◆ What you need to do
Give back every record word for word, keeping the pictures out.

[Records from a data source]
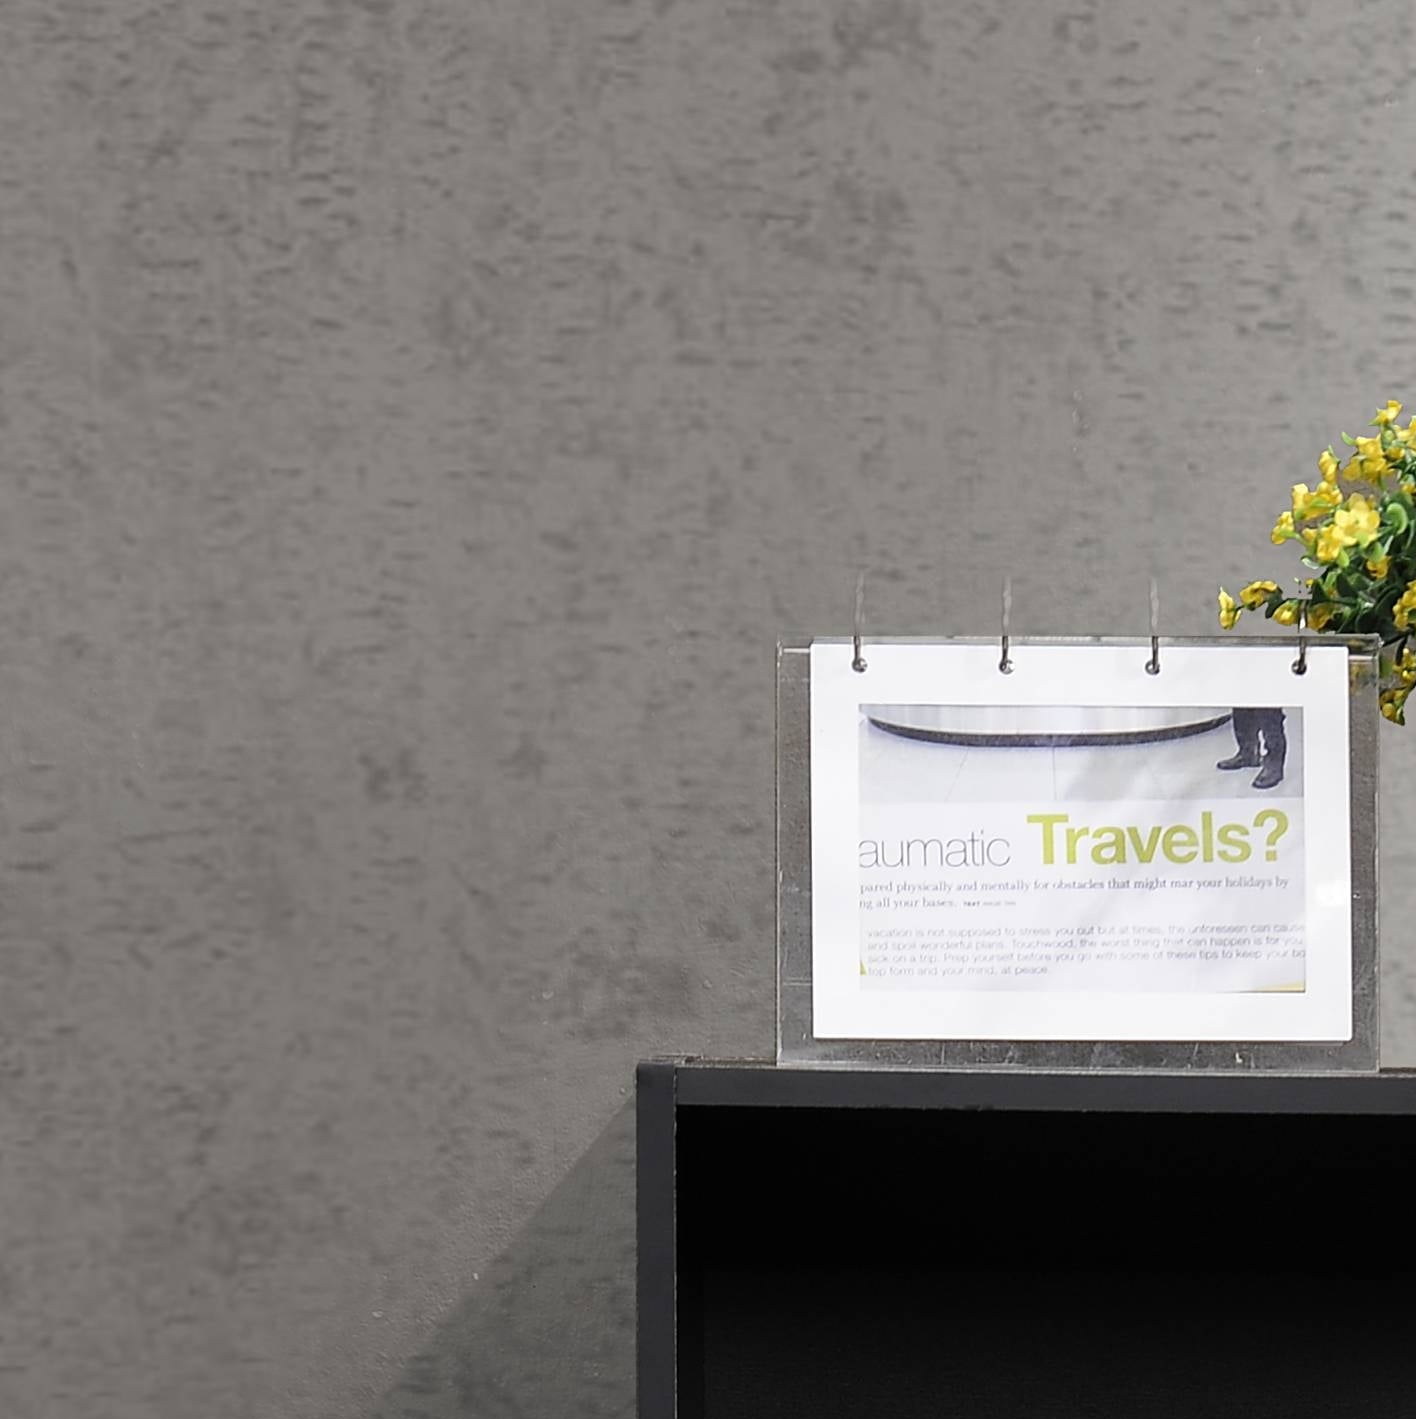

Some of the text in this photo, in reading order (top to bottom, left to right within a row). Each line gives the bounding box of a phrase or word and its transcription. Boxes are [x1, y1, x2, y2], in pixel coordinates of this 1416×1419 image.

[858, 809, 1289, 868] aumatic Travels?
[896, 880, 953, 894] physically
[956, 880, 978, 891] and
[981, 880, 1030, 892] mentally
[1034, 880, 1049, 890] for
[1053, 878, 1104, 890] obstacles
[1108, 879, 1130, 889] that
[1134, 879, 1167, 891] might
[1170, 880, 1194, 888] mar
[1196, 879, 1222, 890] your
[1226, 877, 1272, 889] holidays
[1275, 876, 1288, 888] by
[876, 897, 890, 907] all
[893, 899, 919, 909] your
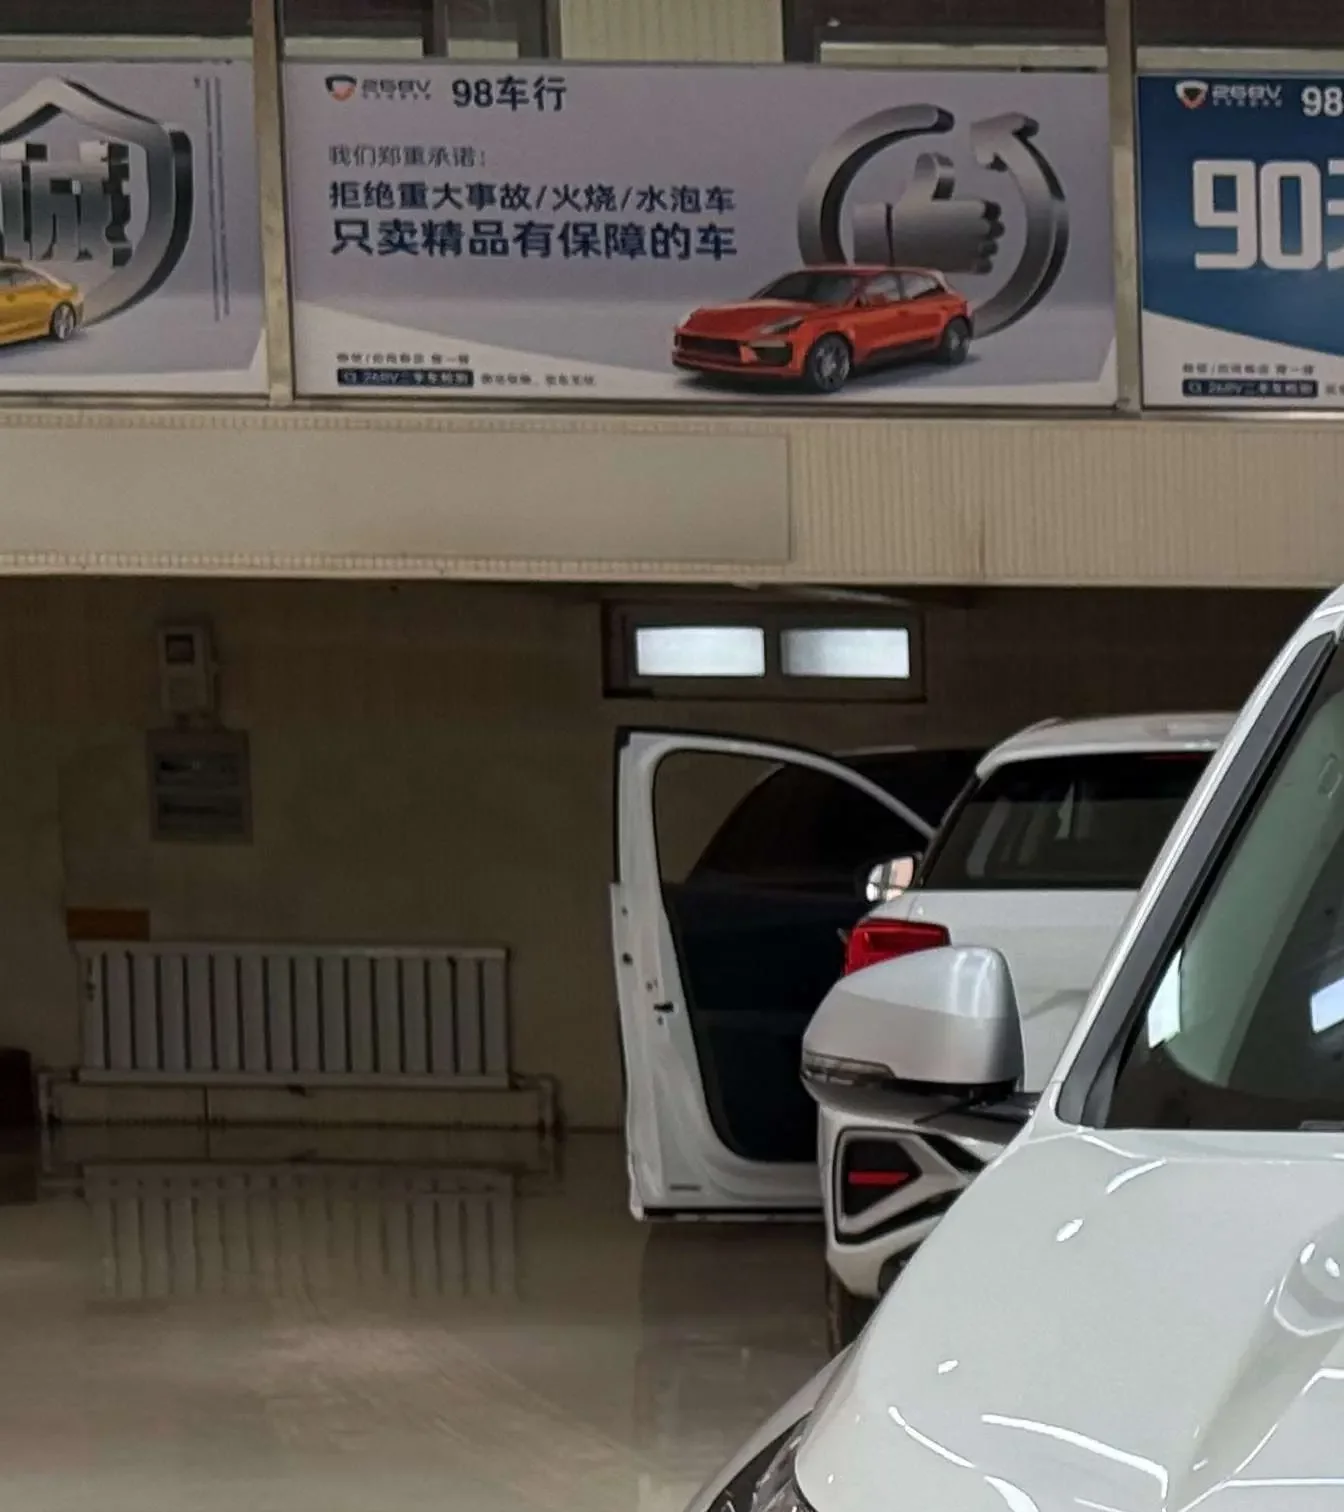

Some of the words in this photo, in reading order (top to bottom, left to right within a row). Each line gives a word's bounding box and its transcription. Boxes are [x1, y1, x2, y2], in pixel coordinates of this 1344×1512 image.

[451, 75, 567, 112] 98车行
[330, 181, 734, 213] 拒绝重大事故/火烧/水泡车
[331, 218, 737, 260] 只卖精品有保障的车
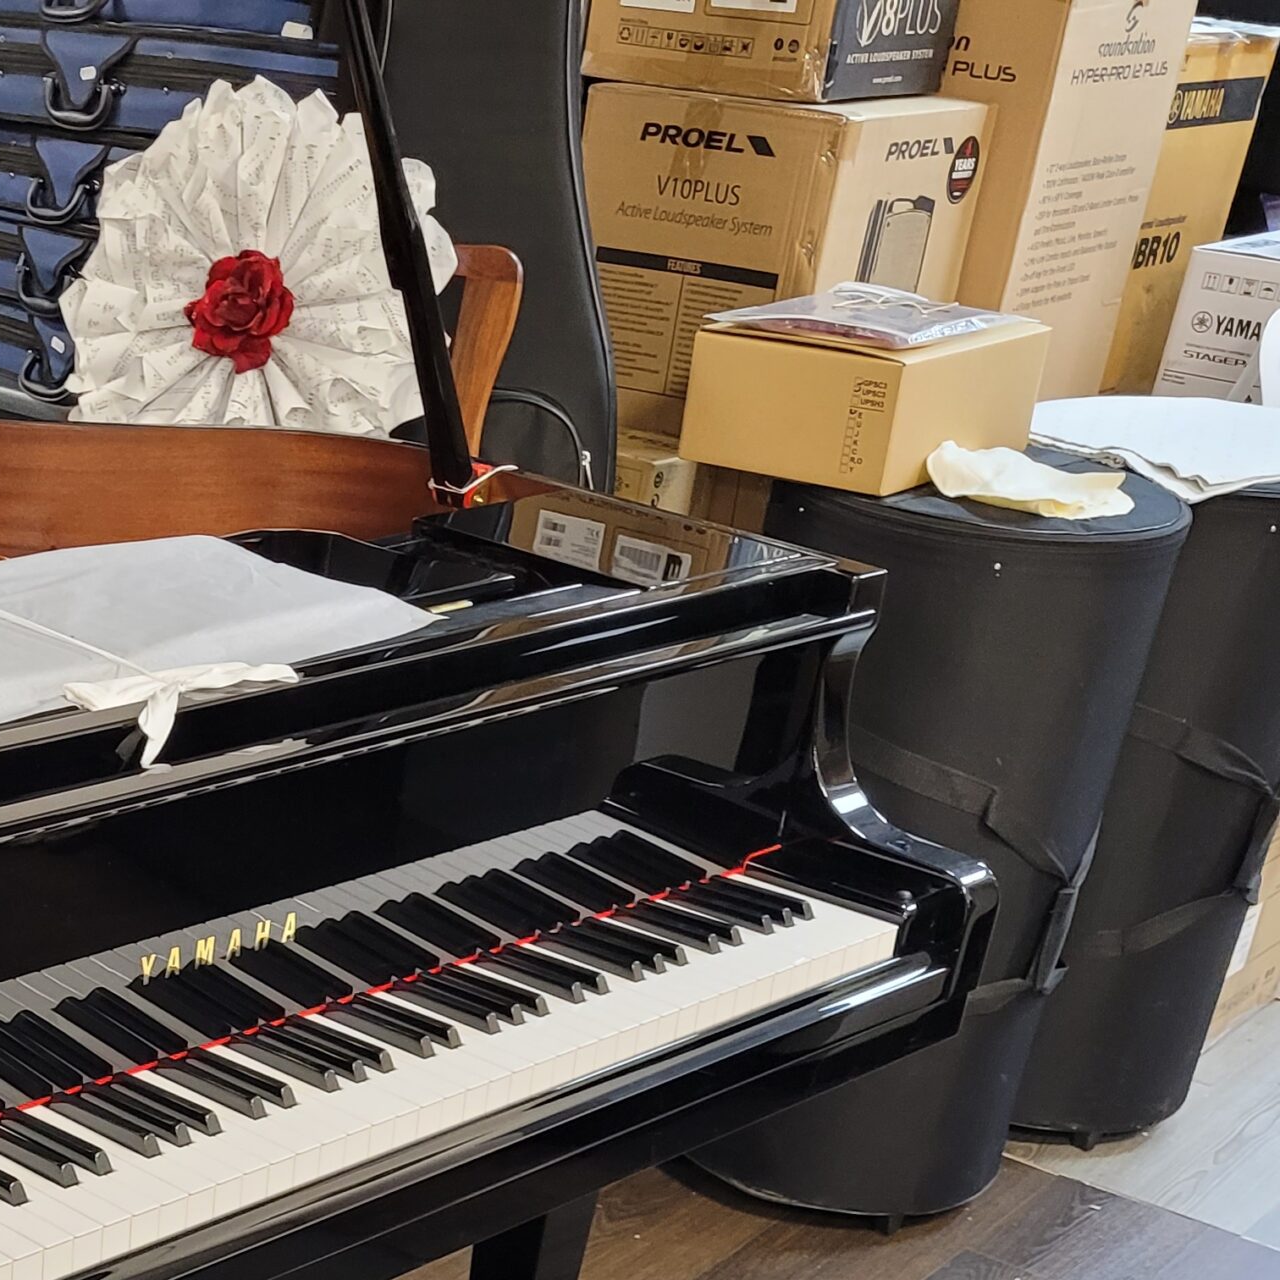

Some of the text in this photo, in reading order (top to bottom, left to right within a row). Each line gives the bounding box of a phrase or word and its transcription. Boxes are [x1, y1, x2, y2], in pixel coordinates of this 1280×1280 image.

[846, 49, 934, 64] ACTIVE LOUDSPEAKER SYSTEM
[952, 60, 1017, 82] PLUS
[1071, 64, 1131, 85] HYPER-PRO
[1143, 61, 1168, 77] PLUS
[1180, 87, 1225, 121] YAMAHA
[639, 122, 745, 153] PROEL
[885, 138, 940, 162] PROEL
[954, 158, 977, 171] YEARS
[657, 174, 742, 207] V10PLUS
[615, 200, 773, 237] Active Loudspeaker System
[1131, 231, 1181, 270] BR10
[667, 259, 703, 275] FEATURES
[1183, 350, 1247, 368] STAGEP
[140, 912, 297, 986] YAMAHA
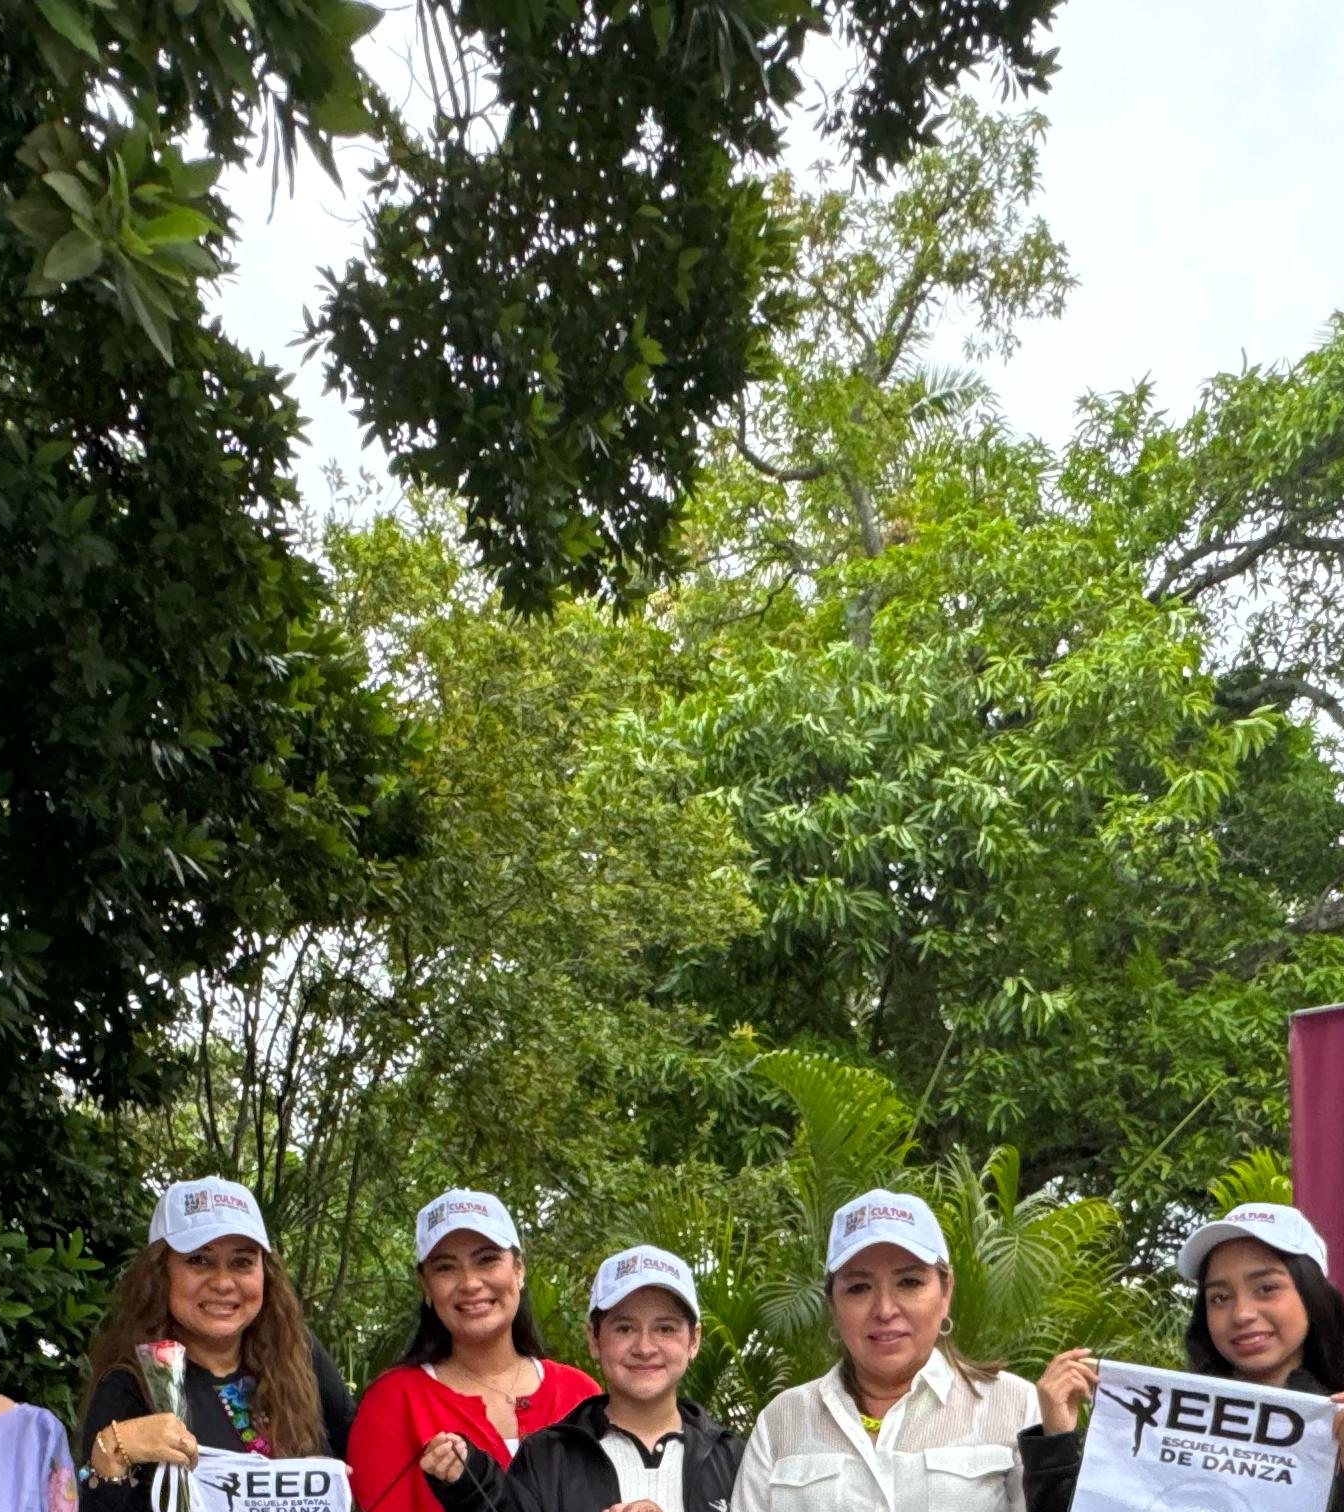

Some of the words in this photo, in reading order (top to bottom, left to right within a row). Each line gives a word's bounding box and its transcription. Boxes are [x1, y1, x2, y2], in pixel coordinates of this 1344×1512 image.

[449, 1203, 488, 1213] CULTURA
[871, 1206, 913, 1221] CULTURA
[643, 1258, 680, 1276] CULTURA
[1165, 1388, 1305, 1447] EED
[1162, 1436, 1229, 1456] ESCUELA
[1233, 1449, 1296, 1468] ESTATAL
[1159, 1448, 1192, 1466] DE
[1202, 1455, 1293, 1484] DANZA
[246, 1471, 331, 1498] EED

◆ Written response
Some of the text in this photo, in reading order (top to bottom, left to right within a row). Each line gives the bounding box of a phrase or word and its transcription. Boxes are [x1, y1, x2, y2], in pixel coordinates of this 1416×1419 image.

[858, 809, 1289, 868] aumatic Travels?
[896, 880, 953, 894] physically
[956, 880, 978, 891] and
[981, 880, 1030, 892] mentally
[1034, 880, 1049, 890] for
[1053, 878, 1104, 890] obstacles
[1108, 879, 1130, 889] that
[1134, 879, 1167, 891] might
[1170, 880, 1194, 888] mar
[1196, 879, 1222, 890] your
[1226, 877, 1272, 889] holidays
[1275, 876, 1288, 888] by
[876, 897, 890, 907] all
[893, 899, 919, 909] your

Some of the words in this photo, in reading order (top to bottom, left to right within a row). Each line gives a word's bounding box and its transcription. Boxes are [x1, y1, x2, y2], in pixel coordinates of this 1344×1512 image.

[451, 75, 567, 112] 98车行
[330, 181, 734, 213] 拒绝重大事故/火烧/水泡车
[331, 218, 737, 260] 只卖精品有保障的车

Some of the text in this photo, in reading order (top to bottom, left to right within a row). Each line gives the bounding box of a phrase or word and its transcription. Boxes are [x1, y1, x2, y2], in pixel coordinates of this 1280×1280 image.

[846, 49, 934, 64] ACTIVE LOUDSPEAKER SYSTEM
[952, 60, 1017, 82] PLUS
[1071, 64, 1131, 85] HYPER-PRO
[1143, 61, 1168, 77] PLUS
[1180, 87, 1225, 121] YAMAHA
[639, 122, 745, 153] PROEL
[885, 138, 940, 162] PROEL
[954, 158, 977, 171] YEARS
[657, 174, 742, 207] V10PLUS
[615, 200, 773, 237] Active Loudspeaker System
[1131, 231, 1181, 270] BR10
[667, 259, 703, 275] FEATURES
[1183, 350, 1247, 368] STAGEP
[140, 912, 297, 986] YAMAHA

Some of the words in this photo, in reading order (top to bottom, left to right within a row). Each line gives a word's bounding box and its transcription. Boxes are [x1, y1, x2, y2], in pixel coordinates of this 1344×1512 image.

[449, 1203, 488, 1213] CULTURA
[871, 1206, 913, 1221] CULTURA
[643, 1258, 680, 1276] CULTURA
[1165, 1388, 1305, 1447] EED
[1162, 1436, 1229, 1456] ESCUELA
[1233, 1449, 1296, 1468] ESTATAL
[1159, 1448, 1192, 1466] DE
[1202, 1455, 1293, 1484] DANZA
[246, 1471, 331, 1498] EED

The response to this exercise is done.